Introduction to version control

Objectives

  • Explain why version control can be useful.

  • Get an overview of the GitHub webinterface

  • Apply basic Git workflows through the GitHub webinterface.

These materials is adopted from CodeRefinery lesson “Introduction to version control” with focus on working online with GitHub.

It is normal, that all the new terms and concepts may be overwhelming. Take it as a starting point, and come back when you want to try something new. You may not have use for these tools yourself, but good to know anyway to potentially forward researchers.

  • Version control is the practice of tracking and managing changes over time.

  • You can think of version control like regularly taking a photo (“snapshot”) of your work.

Why is version control relevant for data stewards?

You may not write code yourself, but as a data steward, you may:

  • Review research software or repositories linked in a data management plan

  • Advise on reproducibility and transparency

  • Help researchers choose appropriate platforms

  • Interpret repository structure, history, and licensing

This lesson gives you the vocabulary and mental model needed for those tasks.

Why do we need to keep track of versions?

Problem: If you have to identify and find your code from 17 days ago, can you?

Version control is an answer to the following questions (do you recognize some of them?):

  • “It broke … hopefully I have a working version somewhere?”

  • “Can you please send me the latest version?”

  • “Where is the latest version?”

  • “Which version are you using?”

  • “Which version have the authors used in the paper I am trying to reproduce?”

  • “Found a bug! Since when was it there?”

  • “I am sure it used to work. When did it change?”

  • “My laptop is gone. Is my thesis now gone?”

Features: roll-back, branching, merging, collaboration

Problem: Your code worked two days ago, but is giving an error now. You don’t know what you changed.

Problem: You and your colleague want to work on the same code at the same time.

  • Roll-back: you can always go back to a previous version and compare

  • Branching and merging:

    • Work on different ideas at the same time

    • Different people can work on the same code/project without interfering

    • You can experiment with an idea and discard it if it turns out to be a bad idea

Branching explained with a gopher

Image created using https://gopherize.me/ (inspiration).

Example of a git-annotated code with code and history side-by-side

Example of a git-annotated code with code and history side-by-side.

  • Talking about code, showing someone your code

    • “Clone the code, go to the file ‘src/util.rs’, and search for ‘time_iso8601’”. Oh! But make sure you use the version from August 2023.”

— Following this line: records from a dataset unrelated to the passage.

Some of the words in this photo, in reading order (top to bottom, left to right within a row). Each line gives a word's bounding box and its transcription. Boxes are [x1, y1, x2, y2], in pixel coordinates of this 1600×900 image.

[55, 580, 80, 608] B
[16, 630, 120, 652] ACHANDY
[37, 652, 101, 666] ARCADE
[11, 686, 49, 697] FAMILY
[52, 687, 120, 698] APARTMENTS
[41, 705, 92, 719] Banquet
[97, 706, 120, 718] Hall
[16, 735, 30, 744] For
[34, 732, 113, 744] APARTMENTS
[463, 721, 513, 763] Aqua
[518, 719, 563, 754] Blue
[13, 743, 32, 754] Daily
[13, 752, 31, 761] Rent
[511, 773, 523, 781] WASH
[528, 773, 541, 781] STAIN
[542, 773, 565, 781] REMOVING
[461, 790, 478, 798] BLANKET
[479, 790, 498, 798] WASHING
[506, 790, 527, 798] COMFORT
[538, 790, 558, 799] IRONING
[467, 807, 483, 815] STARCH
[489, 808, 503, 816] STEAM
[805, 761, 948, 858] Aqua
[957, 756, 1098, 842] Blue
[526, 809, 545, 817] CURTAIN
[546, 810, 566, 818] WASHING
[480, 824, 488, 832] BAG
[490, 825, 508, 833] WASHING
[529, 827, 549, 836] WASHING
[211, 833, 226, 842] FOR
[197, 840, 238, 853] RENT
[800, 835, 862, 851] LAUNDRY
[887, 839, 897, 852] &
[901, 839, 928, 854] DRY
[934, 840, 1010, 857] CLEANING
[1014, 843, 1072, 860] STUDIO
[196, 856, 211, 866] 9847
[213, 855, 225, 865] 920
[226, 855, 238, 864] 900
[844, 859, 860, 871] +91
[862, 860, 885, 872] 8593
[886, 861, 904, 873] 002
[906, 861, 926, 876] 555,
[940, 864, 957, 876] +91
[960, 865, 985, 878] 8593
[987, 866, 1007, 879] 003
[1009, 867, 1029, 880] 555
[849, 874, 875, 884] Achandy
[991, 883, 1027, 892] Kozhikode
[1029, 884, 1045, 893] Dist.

    • Or I can send you a permalink:

Screen-shot of a code portion

Permalink that points to a code portion.

Terminology: Git repositories - a place to store

“A repository is the most basic element of GitHub. It’s a place where you can store your code, your files, and each file’s revision history. Repositories can be owned by persons or organisations, have multiple collaborators and can be either public or private

“Locally, a git repository is the .git folder inside a project. This repository tracks all changes made to files in your project, building a history over time. Meaning, if you delete the .git local folder, then you delete your local project’s history.”

  • Adapted from GitKraken(https://www.gitkraken.com/learn/git/tutorials/what-is-a-git-repository)

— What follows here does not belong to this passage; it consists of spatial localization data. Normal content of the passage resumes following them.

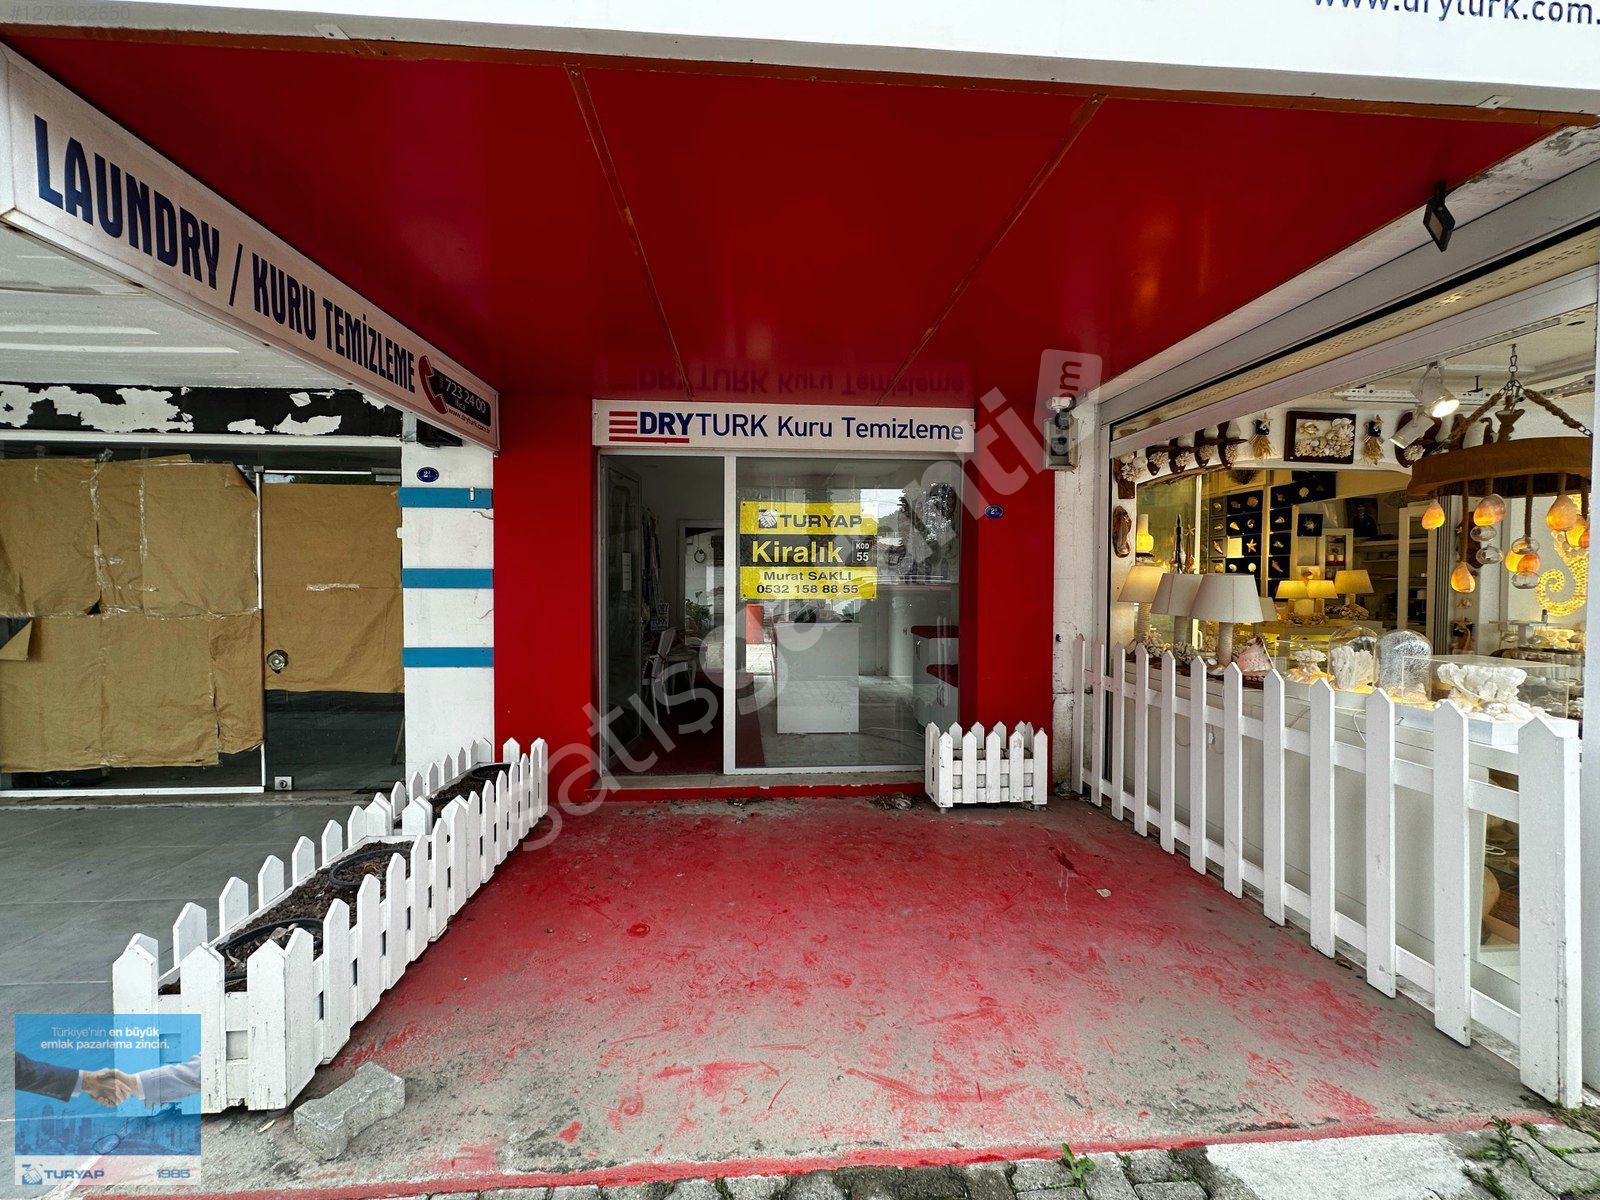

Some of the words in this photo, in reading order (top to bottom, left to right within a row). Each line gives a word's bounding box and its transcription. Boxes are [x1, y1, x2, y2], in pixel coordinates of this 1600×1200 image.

[1314, 0, 1600, 25] .ryturk.com.
[34, 114, 220, 290] LAUNDRY
[228, 243, 244, 307] /
[252, 252, 316, 341] KURU
[322, 297, 416, 394] TEMİZLEME
[445, 378, 463, 399] 723
[464, 390, 475, 407] 24
[475, 398, 487, 414] 00
[777, 415, 833, 438] Kuru
[841, 416, 964, 440] Temizleme
[780, 514, 863, 528] TURYAP
[752, 540, 844, 563] Kiralık
[855, 542, 870, 550] KOD
[856, 552, 869, 562] 55
[763, 571, 804, 581] Murat
[808, 571, 852, 581] SAKLI
[756, 585, 790, 594] 0532
[795, 585, 818, 594] 158
[822, 585, 838, 594] 88
[842, 585, 859, 594] 55

Demo - exploring a repository online

Exercise

Let’s browse the numpy repository on GitHub.

Numpy is a popular Python package used in almost all research code. It has a large community of contributors.

  1. Check out the main page: Source code, README, LICENSE

  2. Check who contributed

  3. Explore differeent branches

  4. Take a look at the history

  5. See the different commit messages

  6. Note that you can clone the repository

Consider:

  • What signals project maturity?

  • Where would you look for licensing or contribution rules?

  • How easy would this be to cite or reuse?

Terminology: Commit

“A commit is a snapshot of current state of your repository … like taking a picture with metadata”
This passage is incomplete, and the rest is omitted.